Start of Block
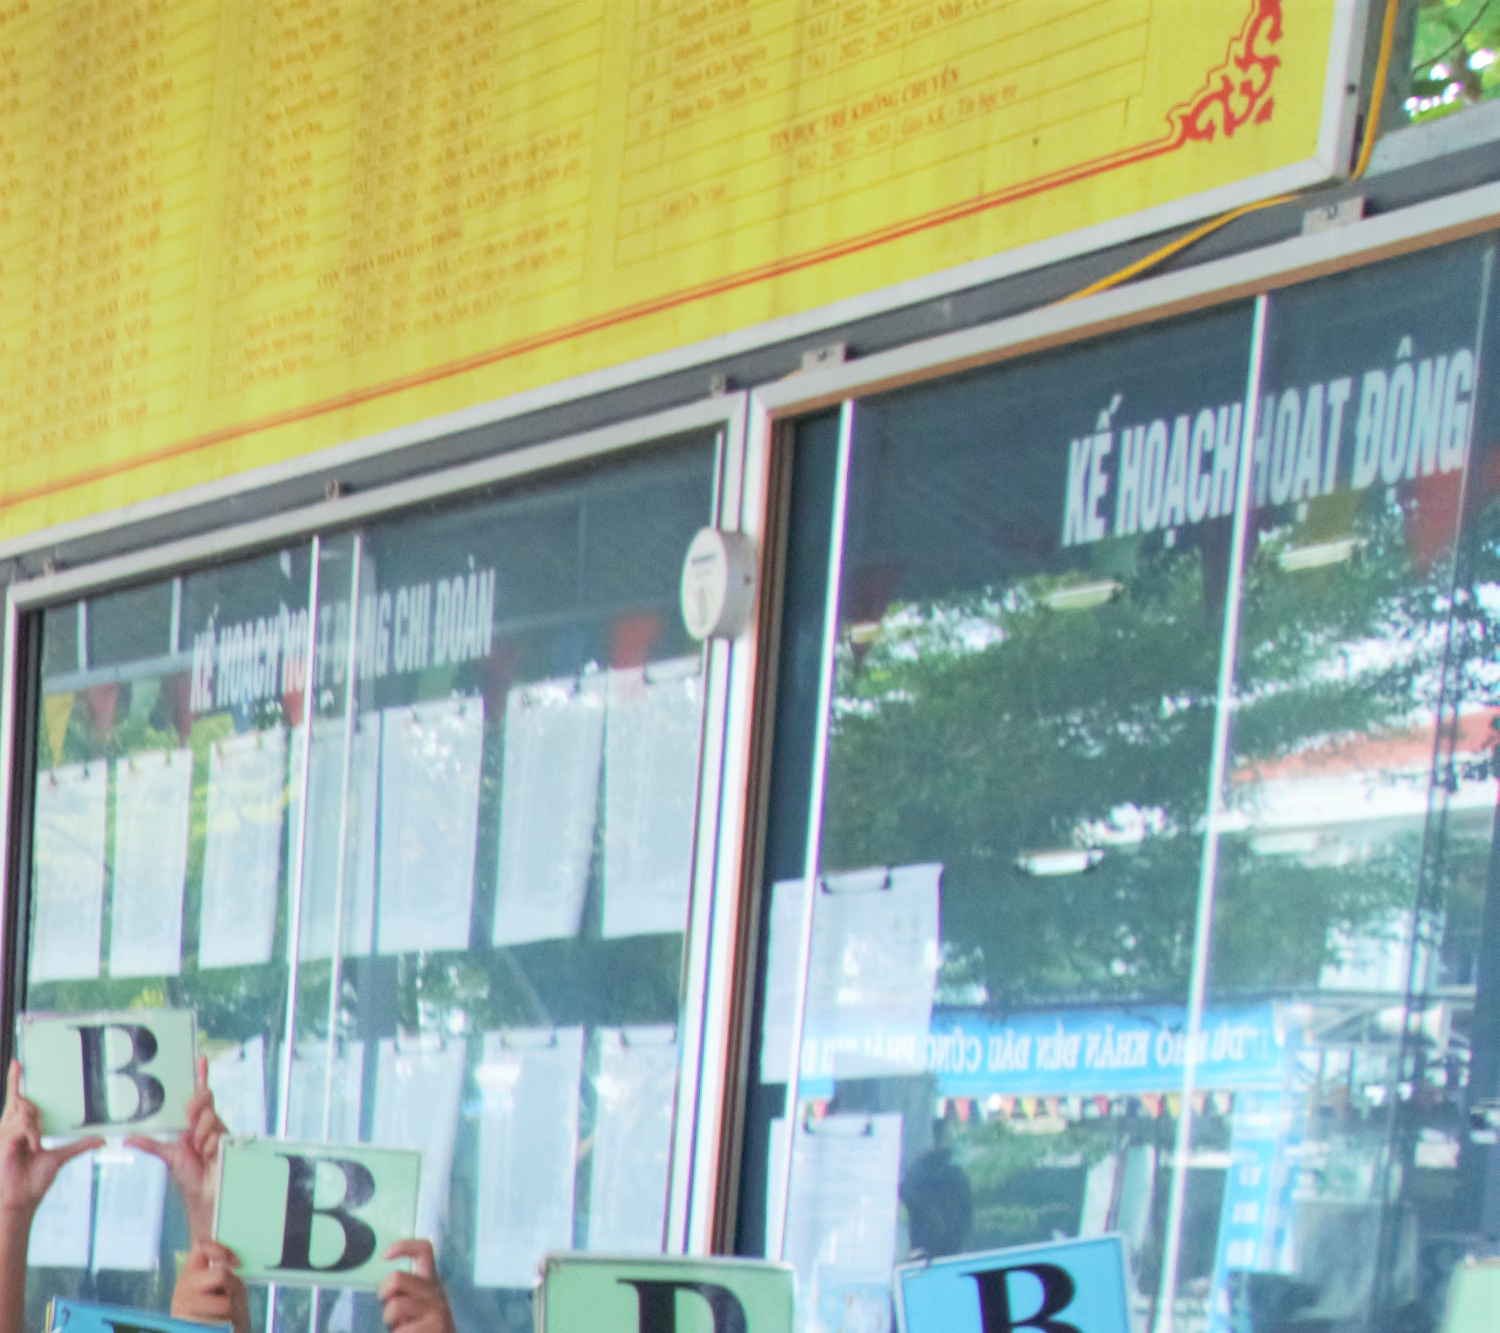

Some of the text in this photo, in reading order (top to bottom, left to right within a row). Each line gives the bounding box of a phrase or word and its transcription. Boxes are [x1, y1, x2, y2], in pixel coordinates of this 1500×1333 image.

[1062, 337, 1475, 548] KẾ HOẠCH HOẠT ĐỘNG
[394, 582, 432, 673] CHI
[434, 553, 495, 667] ĐOÀN
[68, 1022, 166, 1129] B
[265, 1153, 377, 1274] B
End of Block
» Your assignment:
Repeat every line above exactly, but omit all images.

» Problem solution:
Some of the text in this photo, in reading order (top to bottom, left to right within a row). Each line gives the bounding box of a phrase or word and its transcription. Boxes are [x1, y1, x2, y2], in pixel coordinates of this 1500×1333 image.

[1062, 337, 1475, 548] KẾ HOẠCH HOẠT ĐỘNG
[394, 582, 432, 673] CHI
[434, 553, 495, 667] ĐOÀN
[68, 1022, 166, 1129] B
[265, 1153, 377, 1274] B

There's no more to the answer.